Transcribe every record verbatim; no pictures.

### DATA FOR REVIEW ###

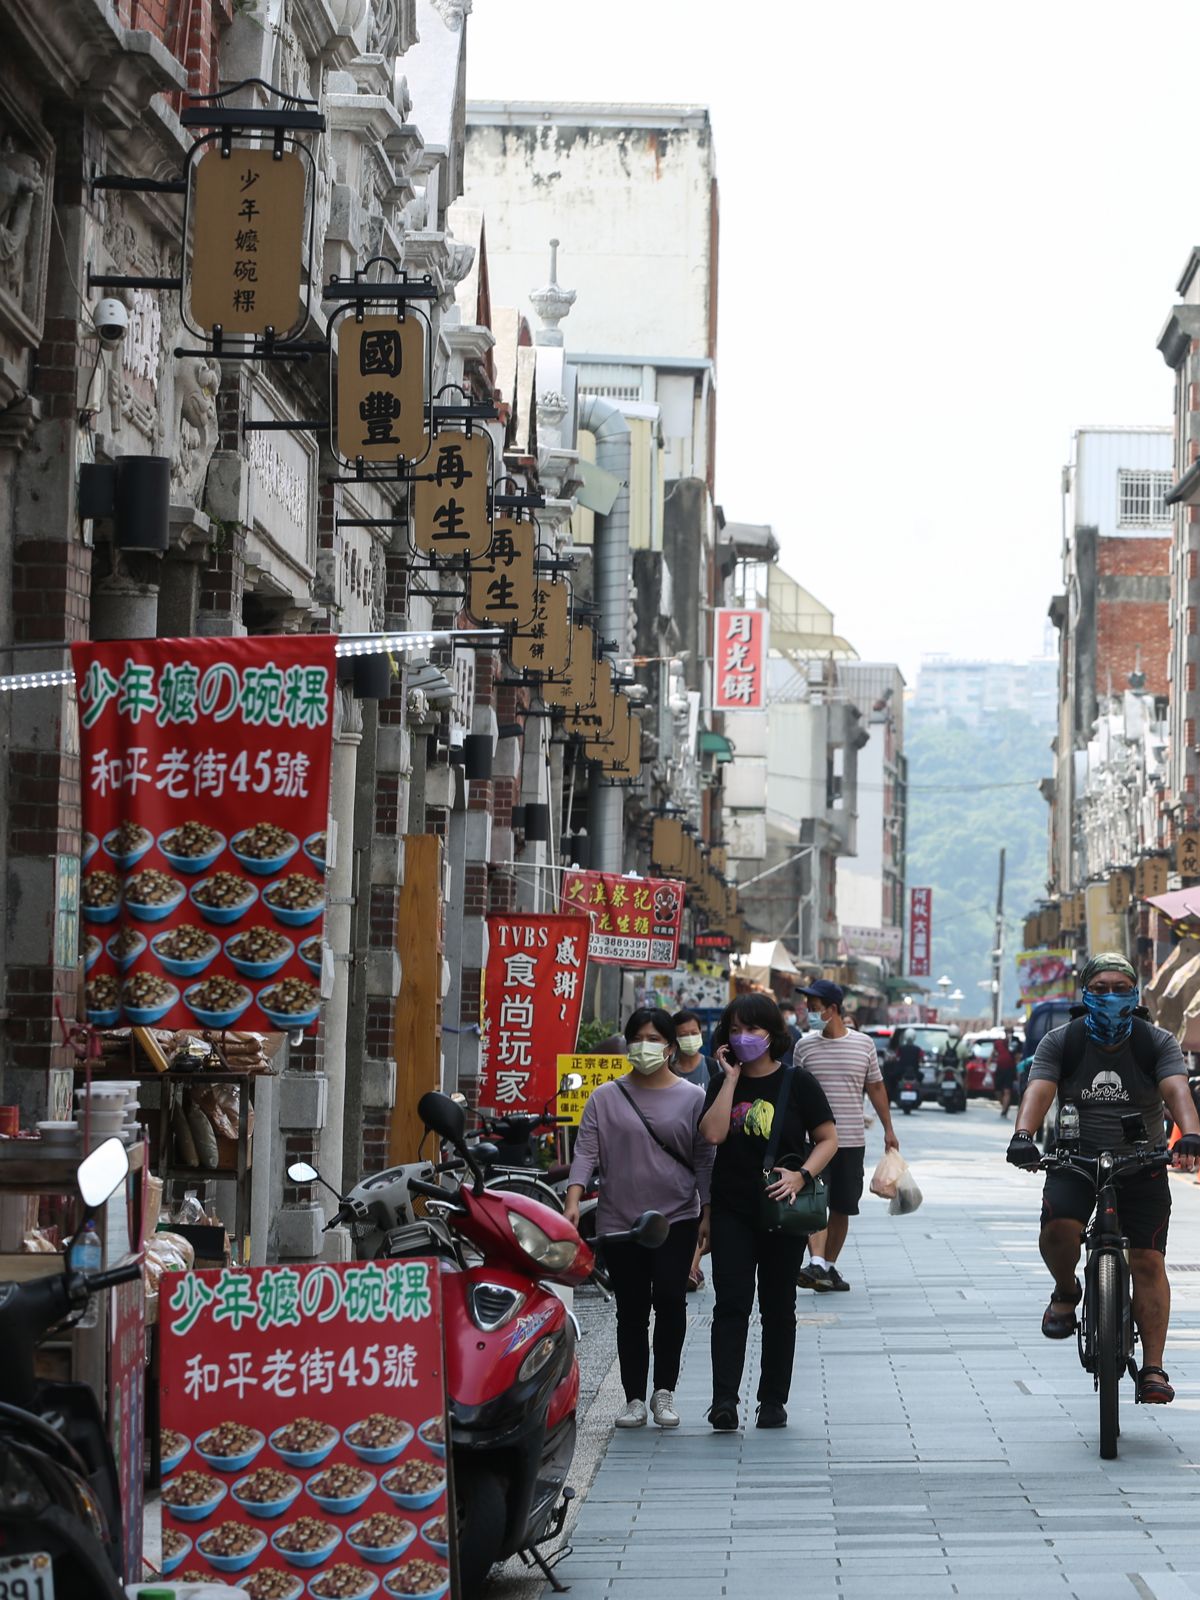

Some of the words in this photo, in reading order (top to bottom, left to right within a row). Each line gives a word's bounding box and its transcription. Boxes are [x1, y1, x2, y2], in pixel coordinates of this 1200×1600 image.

[233, 168, 261, 313] 少年嬤碗粿
[359, 329, 401, 447] 國豐
[432, 445, 472, 541] 再生
[485, 528, 522, 611] 再生
[80, 658, 330, 730] 少年嬤の碗粿
[721, 613, 757, 706] 月光餅
[90, 747, 311, 799] 和平老街45號
[567, 878, 652, 911] 大溪蔡記
[498, 925, 549, 948] TVBS
[495, 952, 538, 1105] 食尚玩家
[571, 1057, 623, 1070] 正宗老店
[170, 1261, 433, 1337] 少年嬤の碗粿
[184, 1344, 420, 1400] 和平老街45號

###

> ANSWER SECTION:
Some of the words in this photo, in reading order (top to bottom, left to right within a row). Each line gives a word's bounding box and its transcription. Boxes are [x1, y1, x2, y2], in pixel coordinates of this 1200×1600 image.

[233, 168, 261, 313] 少年嬤碗粿
[359, 329, 401, 447] 國豐
[432, 445, 472, 541] 再生
[485, 528, 522, 611] 再生
[80, 658, 330, 730] 少年嬤の碗粿
[721, 613, 757, 706] 月光餅
[90, 747, 311, 799] 和平老街45號
[567, 878, 652, 911] 大溪蔡記
[498, 925, 549, 948] TVBS
[495, 952, 538, 1105] 食尚玩家
[571, 1057, 623, 1070] 正宗老店
[170, 1261, 433, 1337] 少年嬤の碗粿
[184, 1344, 420, 1400] 和平老街45號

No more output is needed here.